AI Aimed at Bridging Infrastructure Maintenance Gap
Crumbling infrastructure is getting a closer look with a new deep learning tool billed as providing live, 3D views of bridges and tunnels along with automatic alerts that would allow maintenance managers to identify and fix faults before they escalate into a failure.
The AI tool from Israeli startup Dynamic Infrastructure creates “medical records” for individual bridges, tunnels and elevated roadways based on existing images and periodic inspections. The sources of those images range from smartphones and drones to laser scanning.
The image collection akin to MRIs on humans serves as the basis for alerts about changes in the condition of roadway infrastructure that require maintenance. The idea is to use these diagnostic tools to stay ahead of problems before they lead to a failure.
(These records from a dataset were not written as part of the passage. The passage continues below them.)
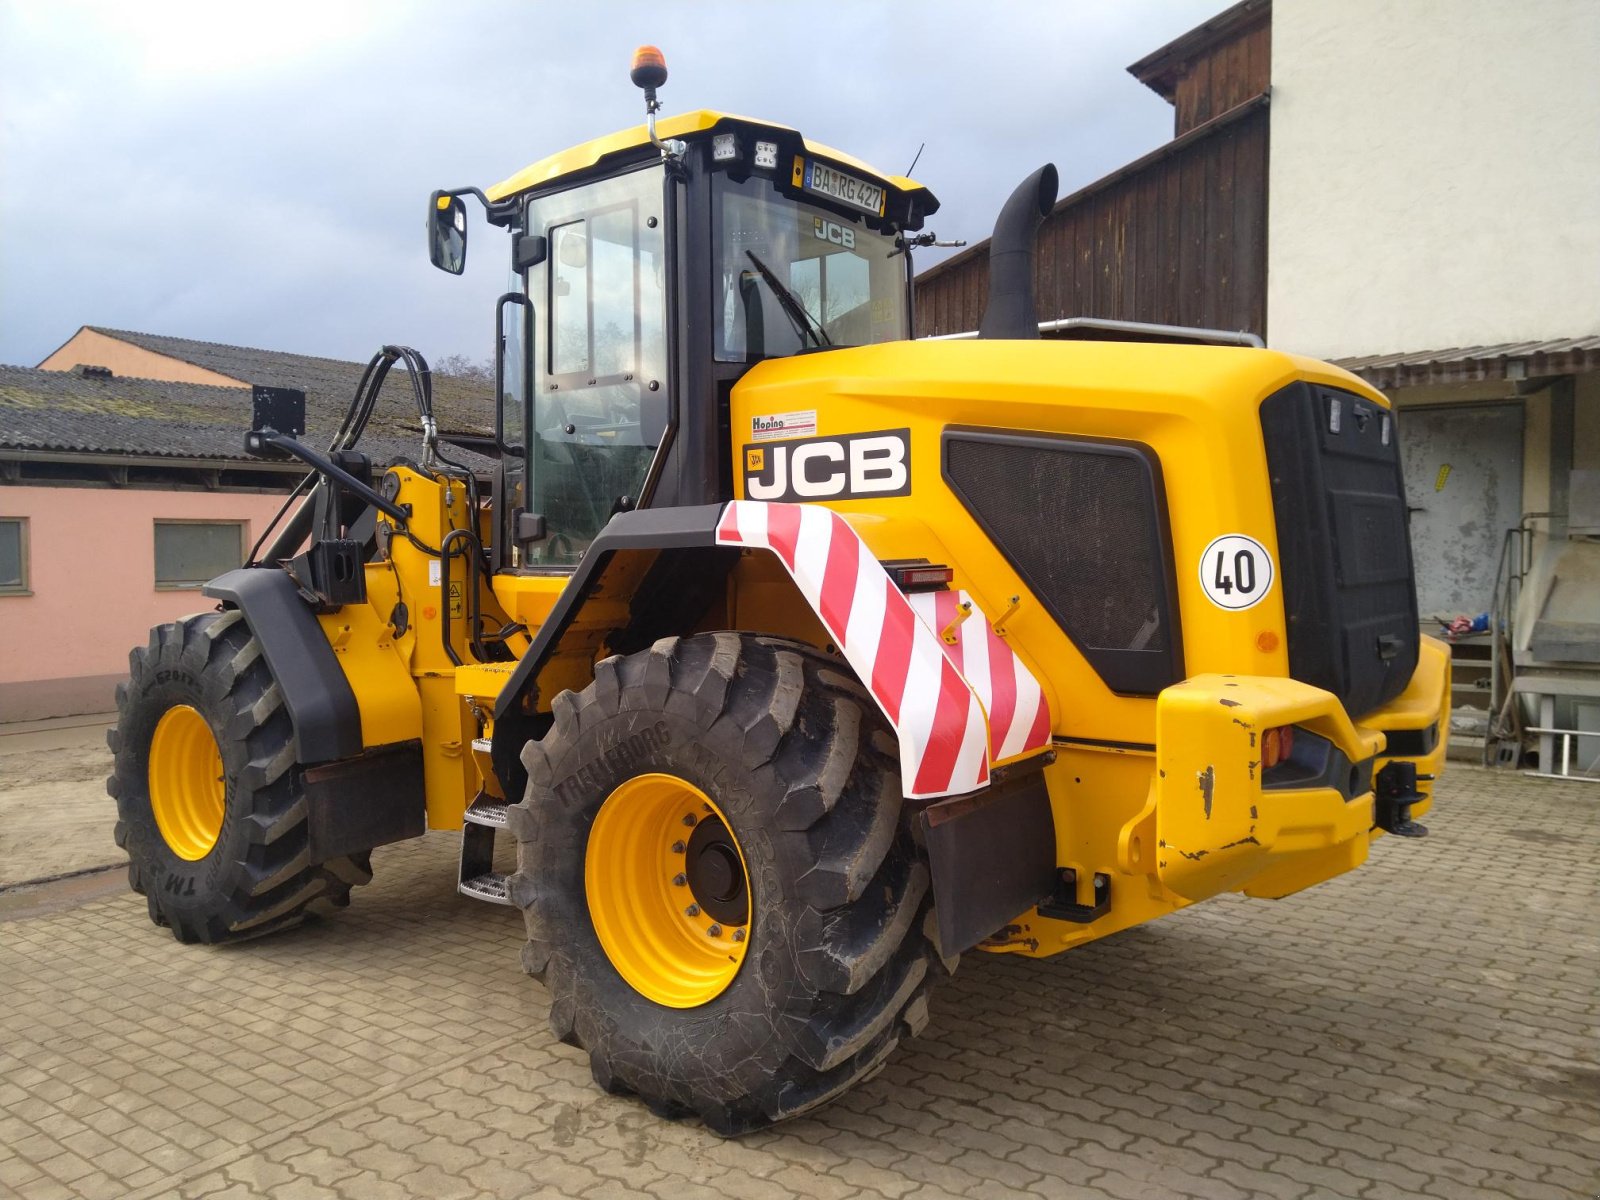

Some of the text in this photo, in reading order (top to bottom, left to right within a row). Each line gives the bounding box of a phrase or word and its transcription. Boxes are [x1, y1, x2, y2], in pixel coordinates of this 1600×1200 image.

[813, 166, 830, 191] BA
[838, 176, 855, 200] RG
[857, 183, 880, 209] 427
[815, 219, 855, 249] JCB
[752, 416, 784, 430] Hoping
[748, 436, 907, 499] JCB
[1215, 550, 1256, 595] 40
[165, 873, 196, 897] TM
The startup said its proprietary deep learning technology compares archived with the latest images to spot defects and other maintenance issues. The cloud-based system is designed so information can be accessed via browser and shared with engineers and maintenance crews.
Dynamic Infrastructure, which also has offices in New York, said this week it is working with infrastructure managers in the U.S. and Israel as well as Germany, Greece and Switzerland. Those stakeholders oversee about 30,000 bridges and tunnels.
The deep learning tool is among a growing list of platforms being pitched to transportation agencies coping with aging infrastructure. In the U.S. alone, nearly 50,000 bridges are considered structurally deficient or in need of urgent repair. Meanwhile, federal efforts to rebuild aging U.S. transportation infrastructure have largely stalled.
"The world faces an infrastructure crisis,” said Saar Dickman, co-founder and CEO of Dynamic Infrastructure. "Deficient bridges and tunnels represent a severe infrastructure challenge in the U.S. and worldwide and their poor condition leads to life losses and millions in unplanned expenditures.”
The startup is pitching its imagery analysis approach as a way for managers to quickly pinpoint defects so they can dispatch repair crews before the problem leads to a bridge closure or worse.
That scenario is increasingly common. In Washington, DC, for example, deferred maintenance on the iconic Arlington Memorial Bridge between the Lincoln Memorial and Arlington National Cemetery led to periodic lane closures and a band-aid approach to maintaining the 87-year-old Potomac River crossing.
Only after transportation engineers warned of an imminent failure did lawmakers from Virginia secure the funds to overhaul the aging drawbridge. The $227 million rehabilitation project is expected to be completed in 2021.
Infrastructure woes also plague new transportation projects. The poster child for construction errors was the so-called “Big Dig” project in Boston. Similar problems have surfaced recently in the multibillion-dollar extension of the Washington Metrorail system. Construction issues include defective concrete panels at several stations and excessive curving of rail ties.
The need for new diagnostic tools to spot these and other infrastructure defects have been highlighted by several bridge failures in recent years, including the 2007 collapse of the I-35 Mississippi River bridge in Minneapolis.
Hence, startups such as Dynamic Infrastructure are pitching AI tools as a new decision-making tool that can spot and repair defects before a failures occur. “A single dollar of the right technology in the right place can save much more than one dollar of maintenance of a bridge,” asserted Dynamic Infrastructure CEO Dickman.